Output all the entries word for word. Omit the pictures.

** Listed records **
+ + + + + + +
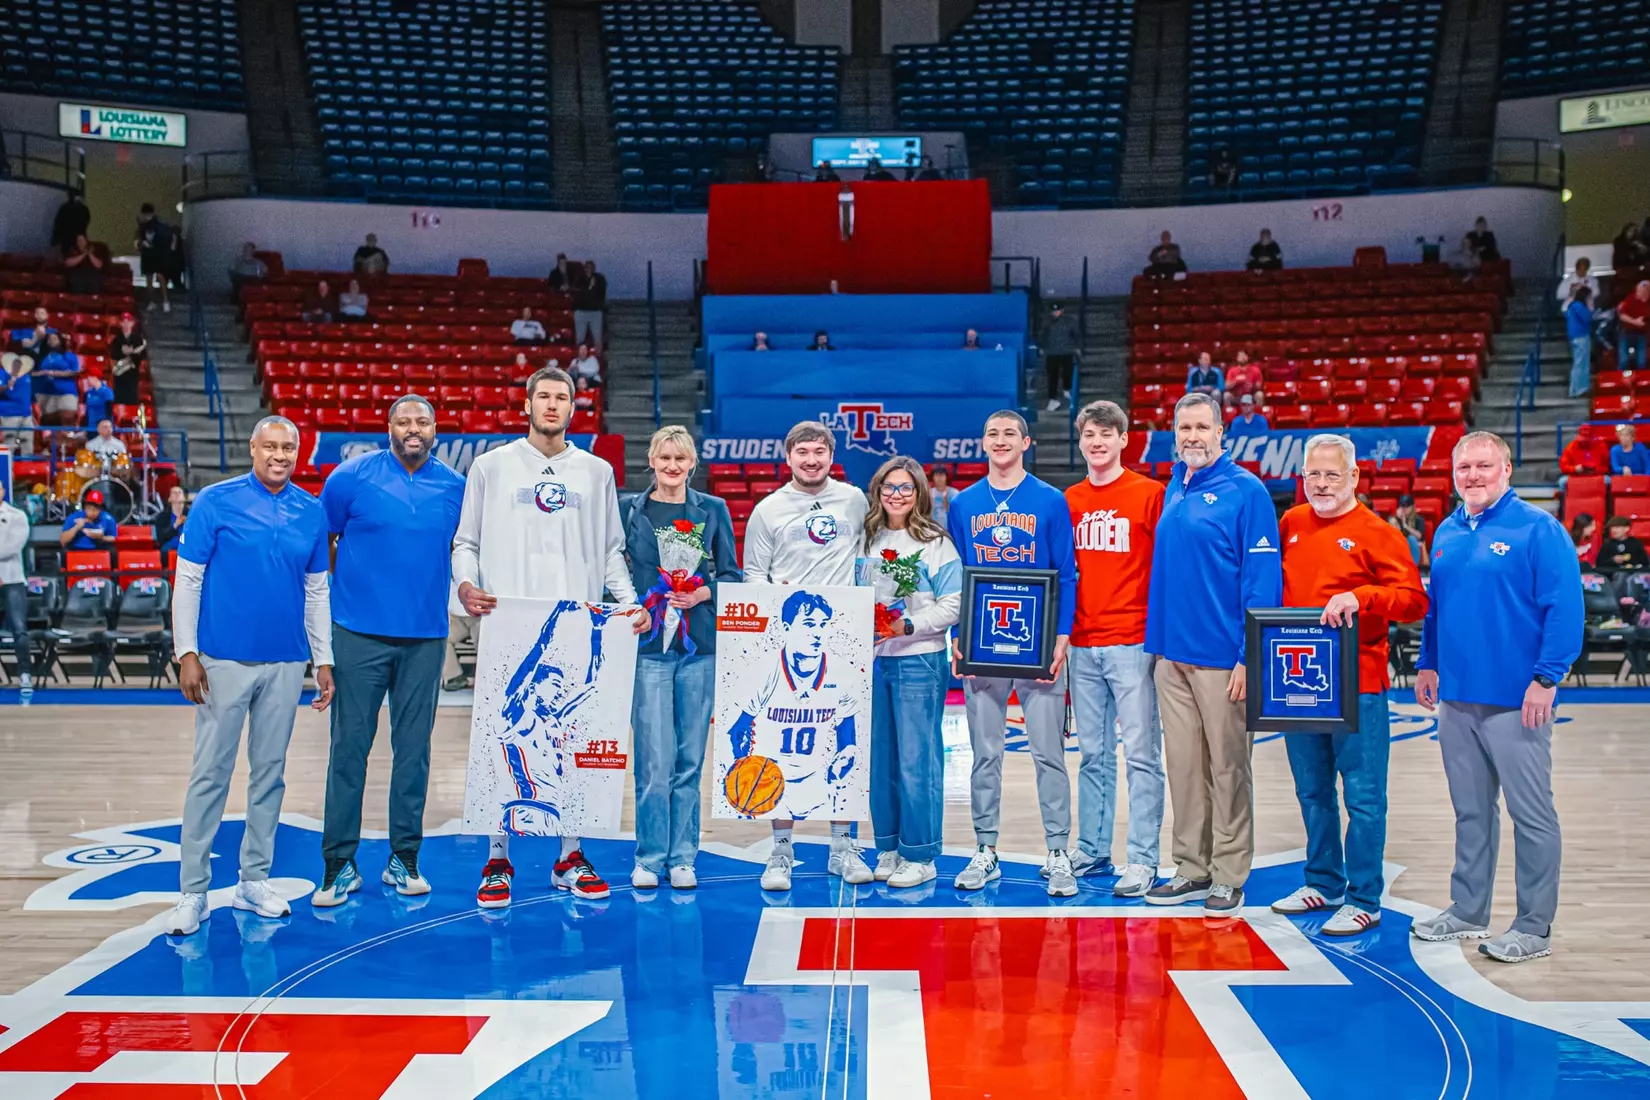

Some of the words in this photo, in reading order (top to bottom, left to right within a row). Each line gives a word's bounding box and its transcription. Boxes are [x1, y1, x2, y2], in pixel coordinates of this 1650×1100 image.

[99, 111, 167, 127] LOUISIANA
[110, 126, 167, 140] LOTTERY
[702, 439, 787, 459] STUDEN
[933, 439, 985, 459] SECT
[1081, 509, 1118, 523] BARK
[971, 512, 1036, 538] LOUISIANA
[973, 541, 1035, 563] TECH
[725, 603, 758, 617] #10
[767, 707, 813, 723] LOUISIANA
[586, 740, 618, 754] #13
[780, 727, 817, 755] 10
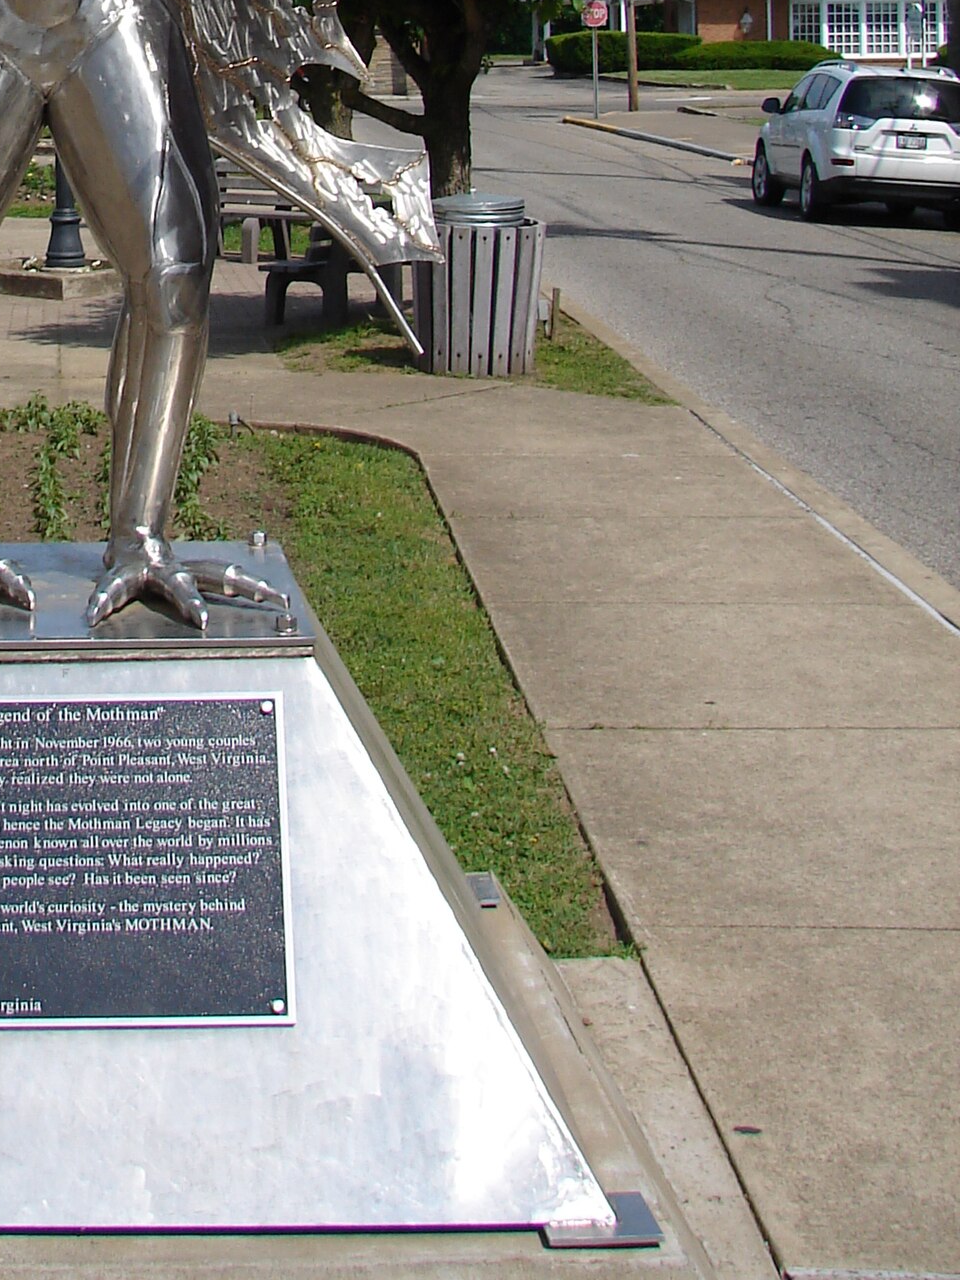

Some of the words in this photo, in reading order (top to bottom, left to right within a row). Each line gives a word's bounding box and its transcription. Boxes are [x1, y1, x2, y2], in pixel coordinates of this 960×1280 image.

[36, 709, 51, 722] of
[60, 709, 80, 720] the
[86, 707, 164, 720] Mothman"
[16, 737, 28, 748] in
[35, 736, 99, 748] November
[103, 736, 134, 749] 1966,
[138, 736, 161, 748] two
[166, 738, 204, 750] young
[208, 735, 256, 749] couples
[24, 756, 58, 767] north
[62, 755, 77, 767] of
[83, 754, 114, 766] Point
[118, 754, 175, 766] Pleasant,
[178, 753, 206, 765] West
[12, 773, 63, 785] realized
[69, 773, 96, 786] they
[100, 773, 129, 783] were
[134, 773, 154, 783] not
[157, 772, 192, 783] alone.
[10, 800, 42, 815] night
[46, 800, 68, 812] has
[71, 800, 118, 812] evolved
[124, 800, 149, 811] into
[154, 801, 176, 811] one
[180, 799, 193, 810] of
[199, 798, 218, 810] the
[222, 799, 256, 812] great
[3, 819, 40, 831] hence
[44, 819, 64, 831] the
[68, 818, 130, 830] Mothman
[136, 818, 182, 831] Legacy
[188, 817, 231, 831] began.
[235, 816, 244, 827] It
[248, 816, 271, 828] has
[34, 837, 78, 849] known
[82, 836, 98, 848] all
[102, 837, 129, 848] over
[133, 835, 152, 847] the
[157, 835, 191, 847] world
[198, 835, 213, 848] by
[218, 834, 272, 847] millions
[108, 854, 143, 866] What
[146, 853, 184, 867] really
[190, 852, 259, 866] happened?
[3, 874, 45, 888] people
[48, 873, 76, 886] see?
[84, 873, 109, 885] Has
[112, 873, 121, 885] it
[125, 873, 156, 885] been
[161, 874, 190, 884] seen
[195, 871, 236, 883] since?
[1, 901, 44, 913] world's
[47, 900, 105, 915] curiosity
[119, 900, 138, 912] the
[143, 901, 196, 914] mystery
[200, 899, 245, 911] behind
[22, 920, 52, 932] West
[56, 919, 121, 934] Virginia's
[126, 918, 213, 930] MOTHMAN.
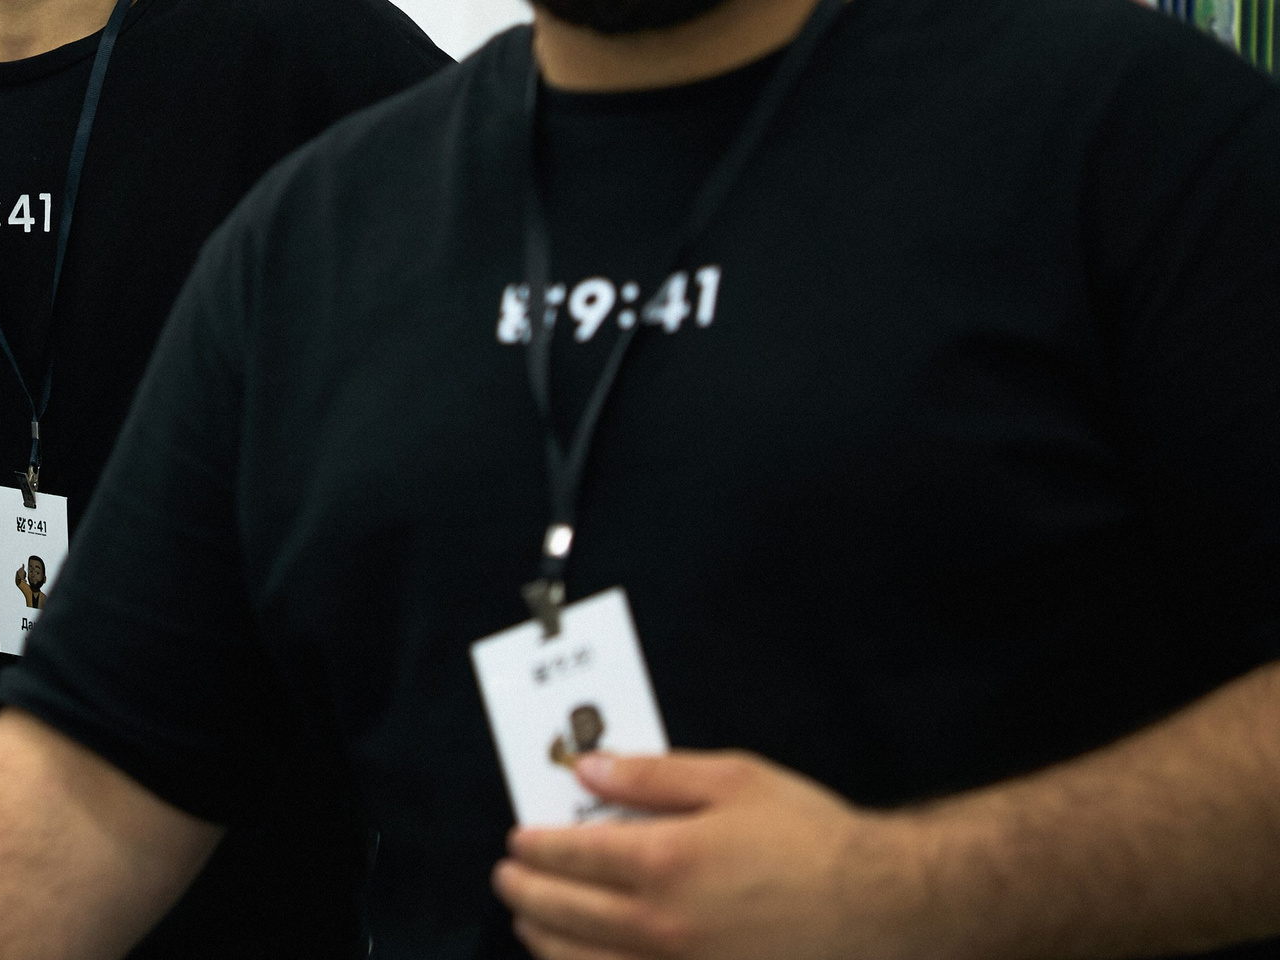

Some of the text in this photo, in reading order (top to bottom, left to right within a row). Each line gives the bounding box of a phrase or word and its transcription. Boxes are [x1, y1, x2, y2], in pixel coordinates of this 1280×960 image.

[567, 264, 722, 343] 9:41
[27, 518, 47, 533] 9:41
[21, 617, 38, 632] Да
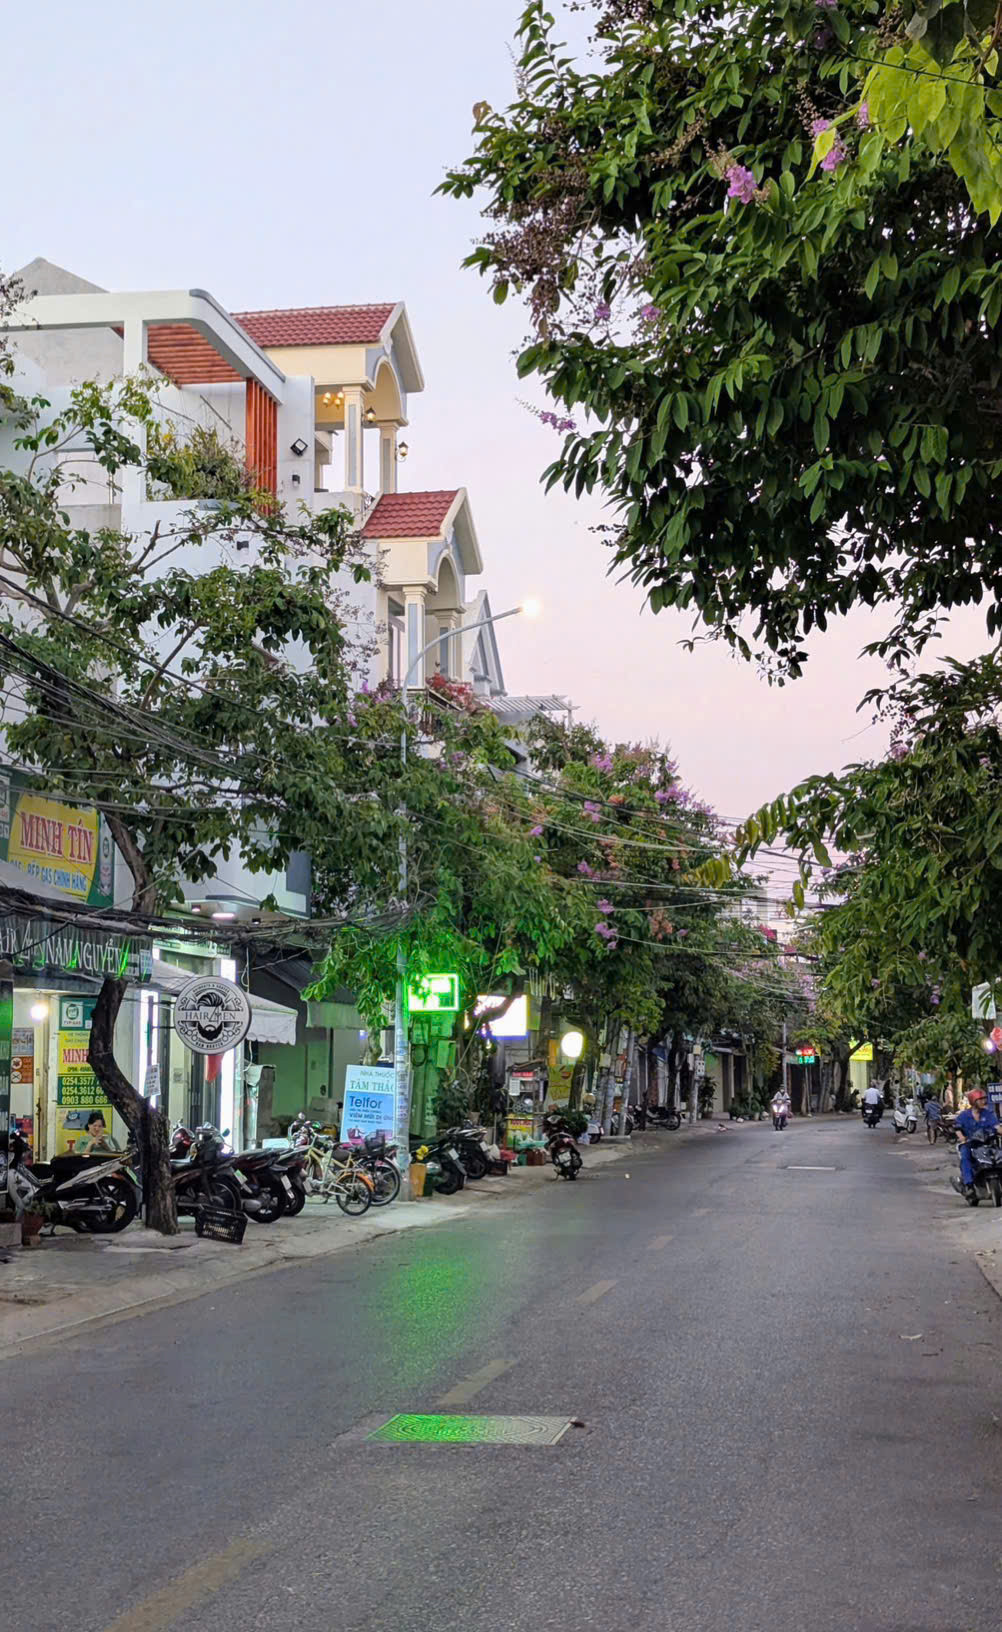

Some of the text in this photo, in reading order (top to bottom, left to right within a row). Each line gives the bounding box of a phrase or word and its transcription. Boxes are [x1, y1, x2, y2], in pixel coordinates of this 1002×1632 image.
+ + + + + + +
** Exercise output **
Some of the words in this photo, in reading order (top to bottom, left to right within a row). Each line gives a word's bounding box and its transcription. Boxes are [x1, y1, x2, y2], in pixel coordinates of this 1650×1100 image.

[99, 111, 167, 127] LOUISIANA
[110, 126, 167, 140] LOTTERY
[702, 439, 787, 459] STUDEN
[933, 439, 985, 459] SECT
[1081, 509, 1118, 523] BARK
[971, 512, 1036, 538] LOUISIANA
[973, 541, 1035, 563] TECH
[725, 603, 758, 617] #10
[767, 707, 813, 723] LOUISIANA
[586, 740, 618, 754] #13
[780, 727, 817, 755] 10

Some of the words in this photo, in reading order (top to bottom, left to right within a row). Each line gives a word's bounding box and its transcription. Boxes are [x1, y1, x2, y2], in pixel coordinates of this 960×1280 image.

[36, 709, 51, 722] of
[60, 709, 80, 720] the
[86, 707, 164, 720] Mothman"
[16, 737, 28, 748] in
[35, 736, 99, 748] November
[103, 736, 134, 749] 1966,
[138, 736, 161, 748] two
[166, 738, 204, 750] young
[208, 735, 256, 749] couples
[24, 756, 58, 767] north
[62, 755, 77, 767] of
[83, 754, 114, 766] Point
[118, 754, 175, 766] Pleasant,
[178, 753, 206, 765] West
[12, 773, 63, 785] realized
[69, 773, 96, 786] they
[100, 773, 129, 783] were
[134, 773, 154, 783] not
[157, 772, 192, 783] alone.
[10, 800, 42, 815] night
[46, 800, 68, 812] has
[71, 800, 118, 812] evolved
[124, 800, 149, 811] into
[154, 801, 176, 811] one
[180, 799, 193, 810] of
[199, 798, 218, 810] the
[222, 799, 256, 812] great
[3, 819, 40, 831] hence
[44, 819, 64, 831] the
[68, 818, 130, 830] Mothman
[136, 818, 182, 831] Legacy
[188, 817, 231, 831] began.
[235, 816, 244, 827] It
[248, 816, 271, 828] has
[34, 837, 78, 849] known
[82, 836, 98, 848] all
[102, 837, 129, 848] over
[133, 835, 152, 847] the
[157, 835, 191, 847] world
[198, 835, 213, 848] by
[218, 834, 272, 847] millions
[108, 854, 143, 866] What
[146, 853, 184, 867] really
[190, 852, 259, 866] happened?
[3, 874, 45, 888] people
[48, 873, 76, 886] see?
[84, 873, 109, 885] Has
[112, 873, 121, 885] it
[125, 873, 156, 885] been
[161, 874, 190, 884] seen
[195, 871, 236, 883] since?
[1, 901, 44, 913] world's
[47, 900, 105, 915] curiosity
[119, 900, 138, 912] the
[143, 901, 196, 914] mystery
[200, 899, 245, 911] behind
[22, 920, 52, 932] West
[56, 919, 121, 934] Virginia's
[126, 918, 213, 930] MOTHMAN.

Some of the text in this photo, in reading order (top to bottom, left to right within a row). Each line gives the bounding box of a phrase or word and its transcription. Boxes are [x1, y1, x2, y2], in pixel coordinates of this 1280×960 image.

[567, 264, 722, 343] 9:41
[27, 518, 47, 533] 9:41
[21, 617, 38, 632] Да

Some of the text in this photo, in reading order (top to bottom, left to right within a row). Each line gives the bounding box of a phrase or word and its transcription. Boxes are [x1, y1, x2, y2], in pixel coordinates of this 1002×1632 image.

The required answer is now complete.